PROBLEM DETAILS –
Output the listing below verbatim, but drop the images.

'''

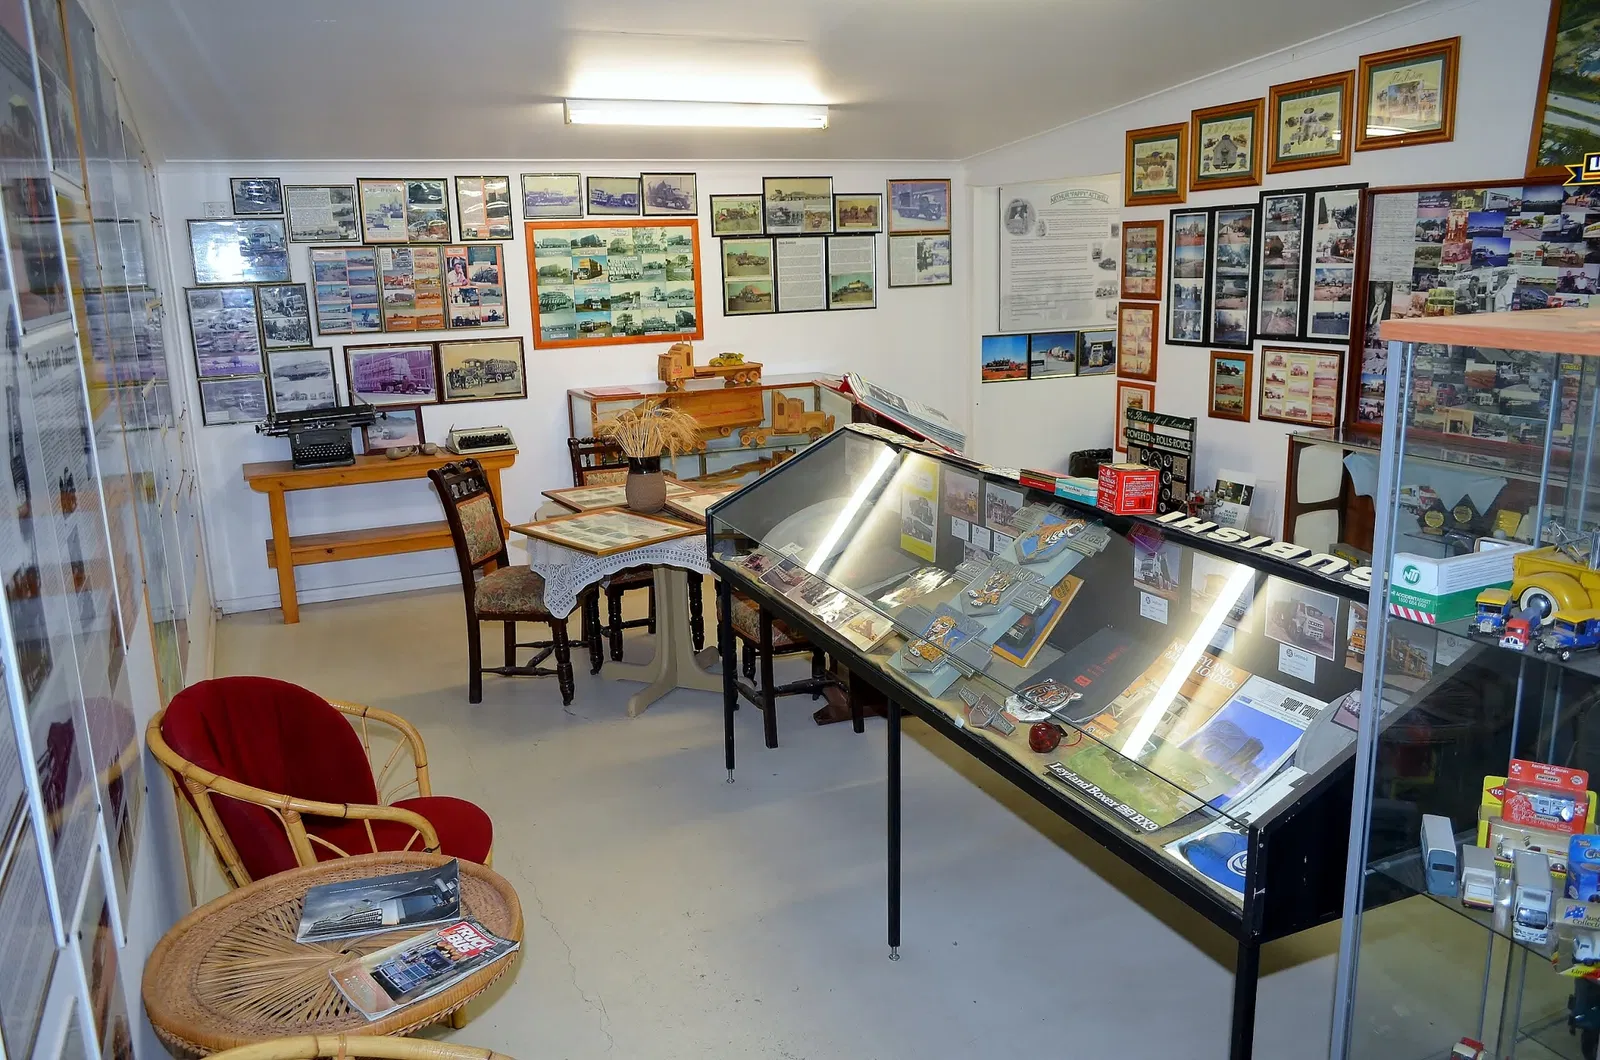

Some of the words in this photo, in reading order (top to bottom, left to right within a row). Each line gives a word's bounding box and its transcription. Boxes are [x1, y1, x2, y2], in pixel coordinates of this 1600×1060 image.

[1126, 428, 1151, 442] POWERED
[1156, 434, 1191, 451] ROLLS-ROYCE
[1080, 532, 1105, 547] TIGER
[1403, 568, 1420, 582] NTI
[1195, 665, 1238, 690] LOADERS
[1279, 696, 1302, 713] super
[1049, 762, 1091, 790] Leyland
[1087, 786, 1119, 807] Boxer
[1130, 813, 1159, 831] BX9
[445, 933, 477, 953] BUS
[455, 924, 494, 951] TRUCK

'''

ANSWER SECTION –
Some of the words in this photo, in reading order (top to bottom, left to right within a row). Each line gives a word's bounding box and its transcription. Boxes are [x1, y1, x2, y2], in pixel coordinates of this 1600×1060 image.

[1126, 428, 1151, 442] POWERED
[1156, 434, 1191, 451] ROLLS-ROYCE
[1080, 532, 1105, 547] TIGER
[1403, 568, 1420, 582] NTI
[1195, 665, 1238, 690] LOADERS
[1279, 696, 1302, 713] super
[1049, 762, 1091, 790] Leyland
[1087, 786, 1119, 807] Boxer
[1130, 813, 1159, 831] BX9
[445, 933, 477, 953] BUS
[455, 924, 494, 951] TRUCK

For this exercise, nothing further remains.